I'm not here to say that Jon and Kate are anywhere near as relevant as Michael Jackson, but I do think there are eight more kids out there who are destined to be victims of the media circus, tabloids, and Go America's lust for dirt on people. I keep hearing that "Jon and Kate asked for it by being on TV." What the hell? Just because people agree to be on a television show (exploiting their kids or not), does not mean they deserve to have the media pressure their lives to ruin. Why does it have to be that way?

In my mind Michael Jackson owns the top five music videos ever created. Nothing else even comes close. We could have had seventeen more years of entertaining videos and impossibly hypnotic dance moves. We could have, but we don't. We didn't want it. We wanted to be more entertained by the tabloid coverage and the possible going-ons of his personal life. Why can't it be as simple as someone who is entertaining releases something entertaining and we are all entertained? Why does it have to be more? Why does it have to mean more?
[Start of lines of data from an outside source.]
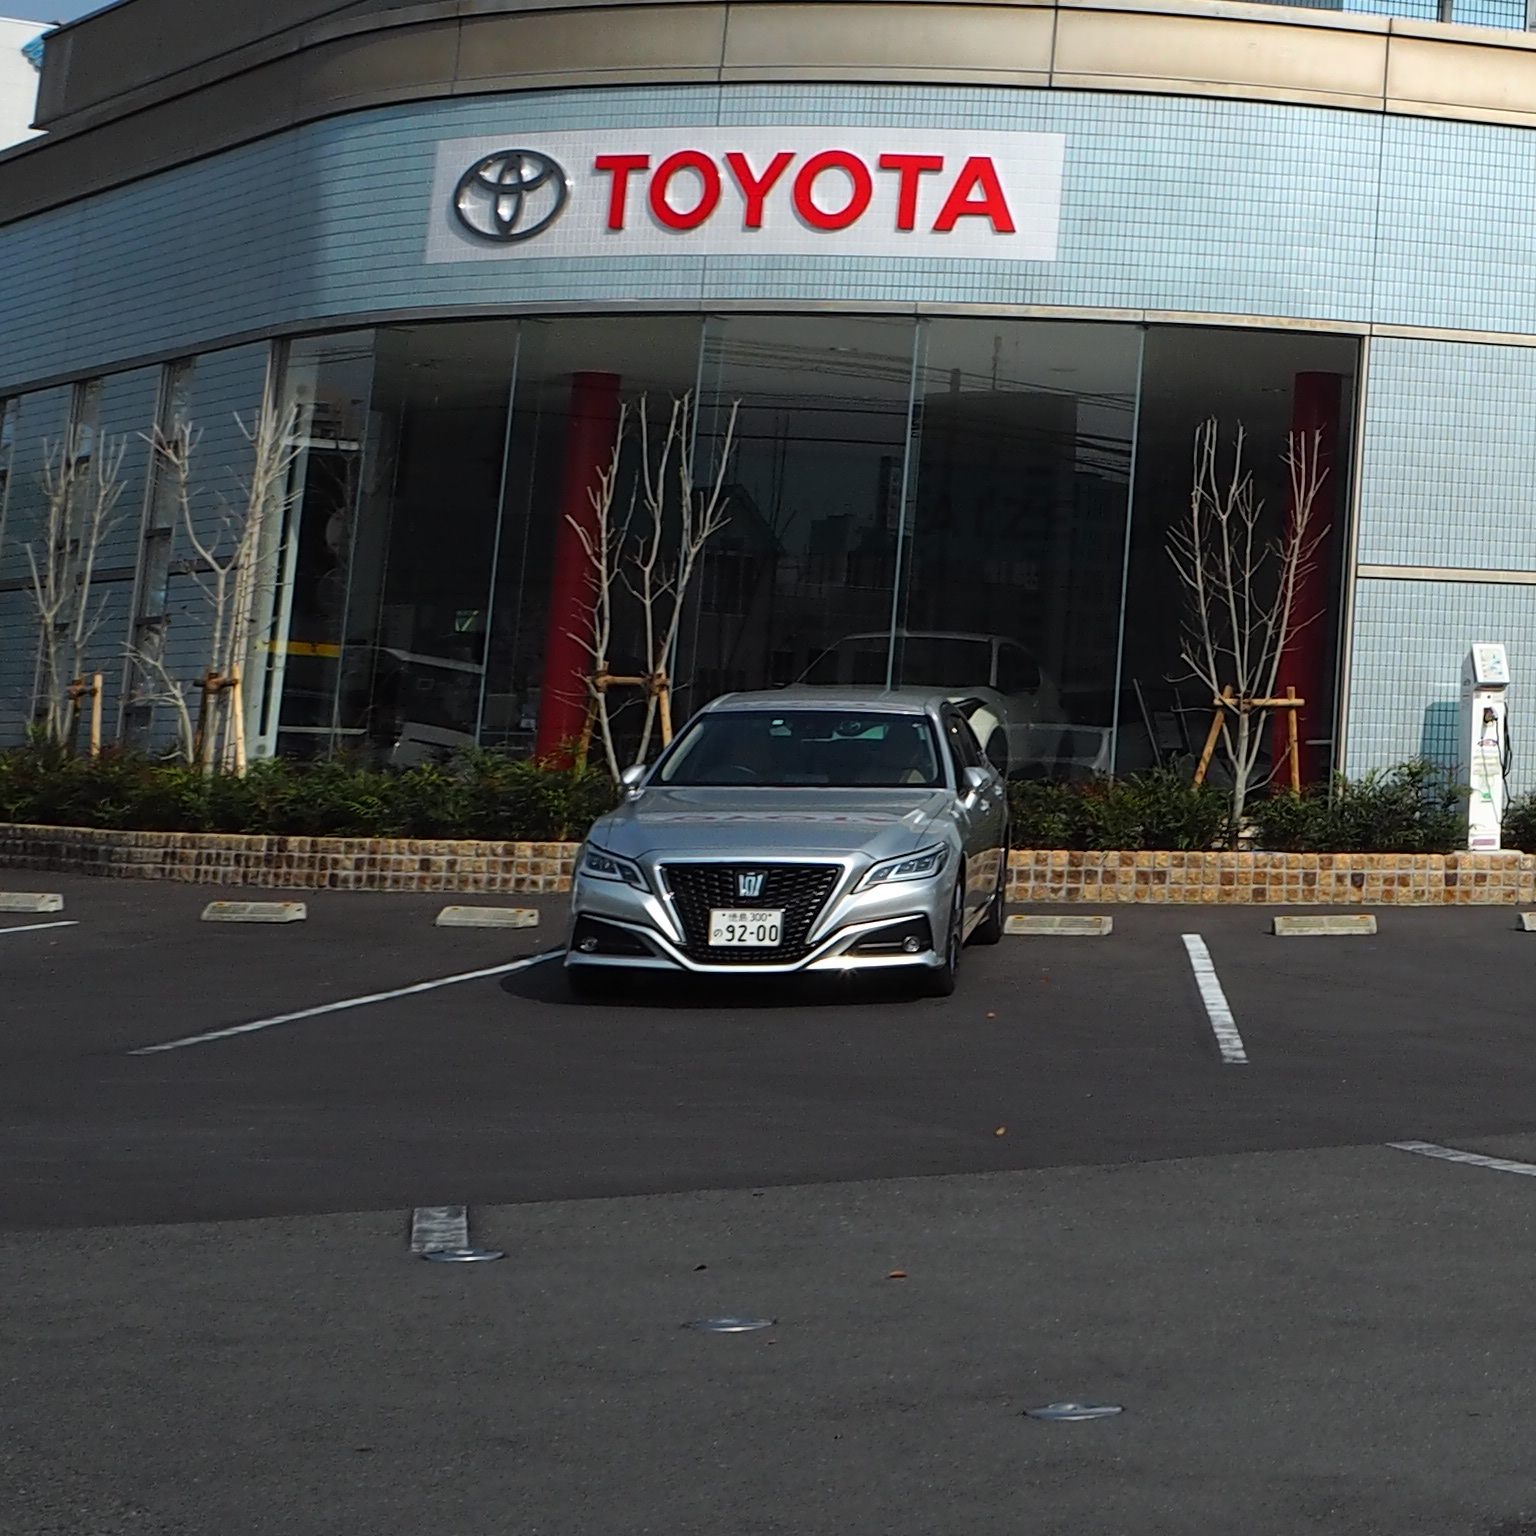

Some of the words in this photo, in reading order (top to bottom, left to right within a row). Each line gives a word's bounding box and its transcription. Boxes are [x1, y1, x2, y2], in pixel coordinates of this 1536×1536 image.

[595, 149, 1017, 234] TOYOTA
[749, 912, 768, 922] 300
[713, 929, 723, 938] の
[725, 925, 778, 942] 92-00
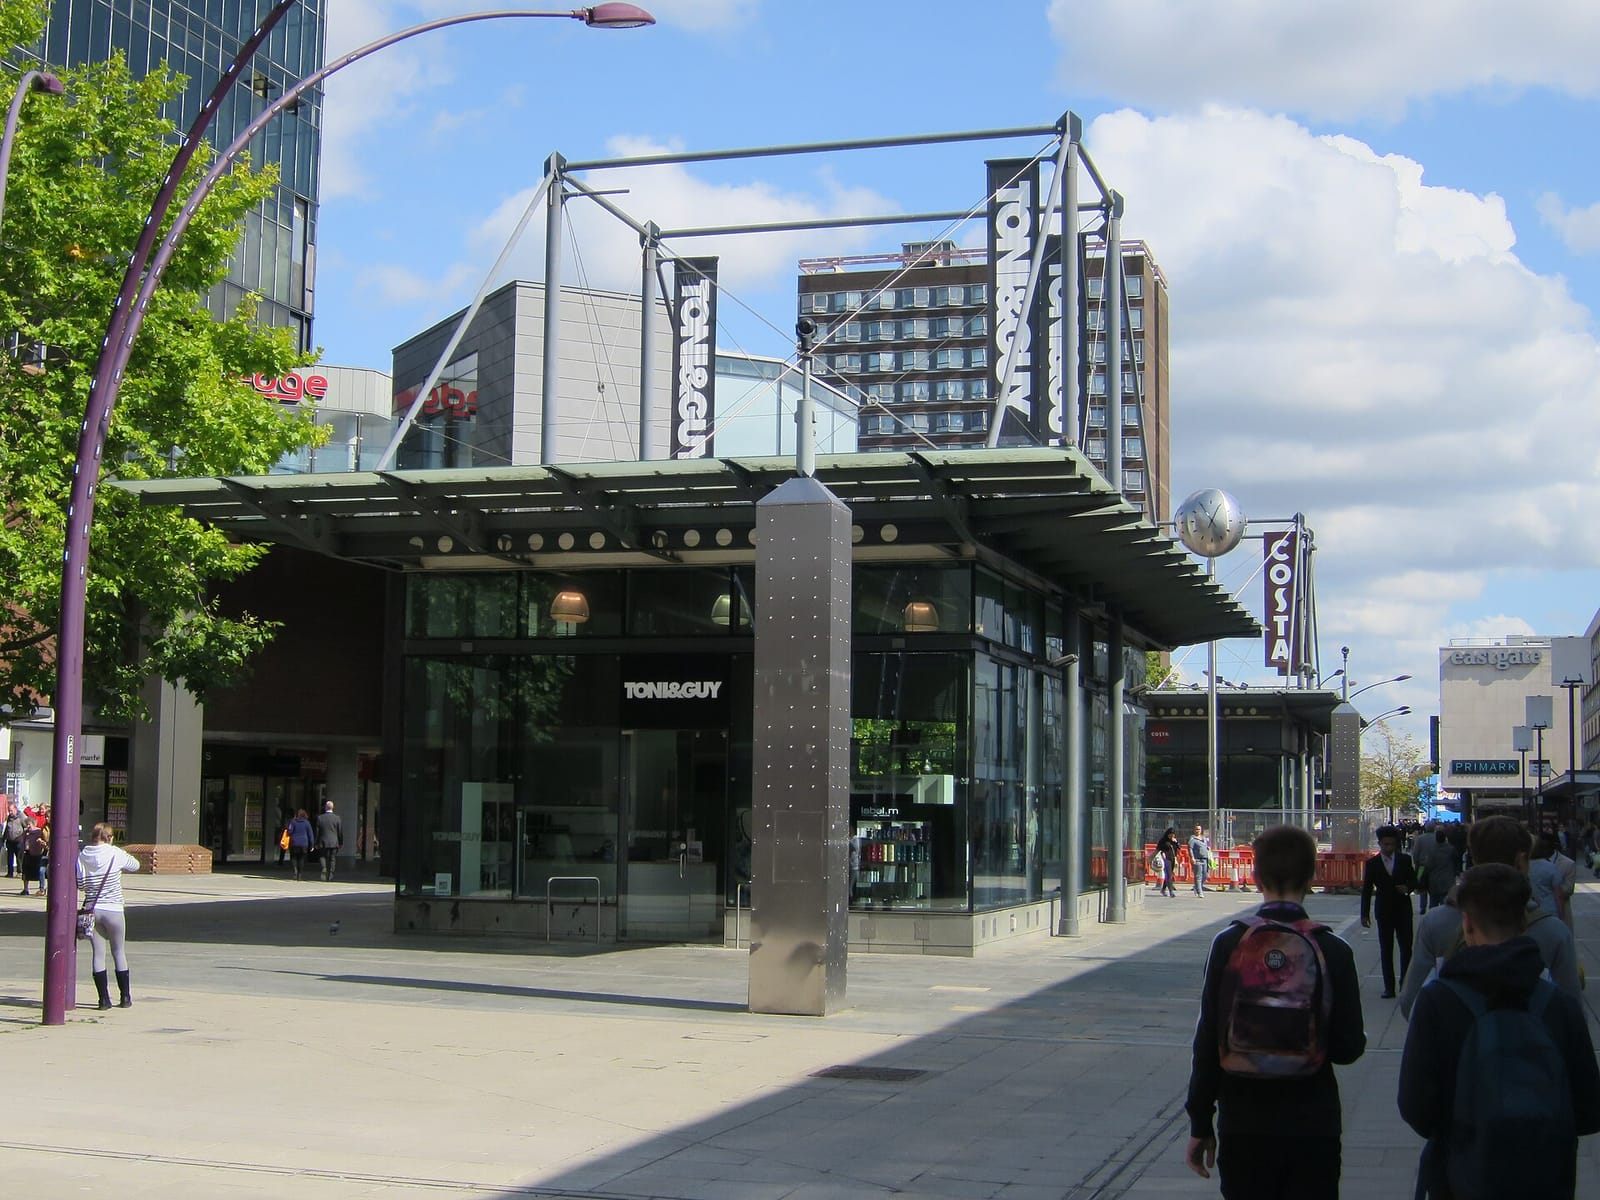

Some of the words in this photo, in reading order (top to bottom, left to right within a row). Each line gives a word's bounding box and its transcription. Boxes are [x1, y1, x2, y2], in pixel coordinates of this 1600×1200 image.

It doesn't. But we'll probably continue to make it that way.

5 comments:

wingnut said...

Well said. I actually saw “RIP Michael Jackson” on the back of someone’s car the other day. Don’t people have more important things to do?

The Goob said...

Re: the wingnut: That's part of the problem: they've been sucked into having nothing better to do. Don't people have better things to do than care about some TV family who's 'interesting' for reason X, Y, or Z? Couldn't they spend their time helping the community rather than just gossiping and talking shit? The answers are increasingly becoming 'no' and 'yes but where's the fun in that?'.

Anonymous said...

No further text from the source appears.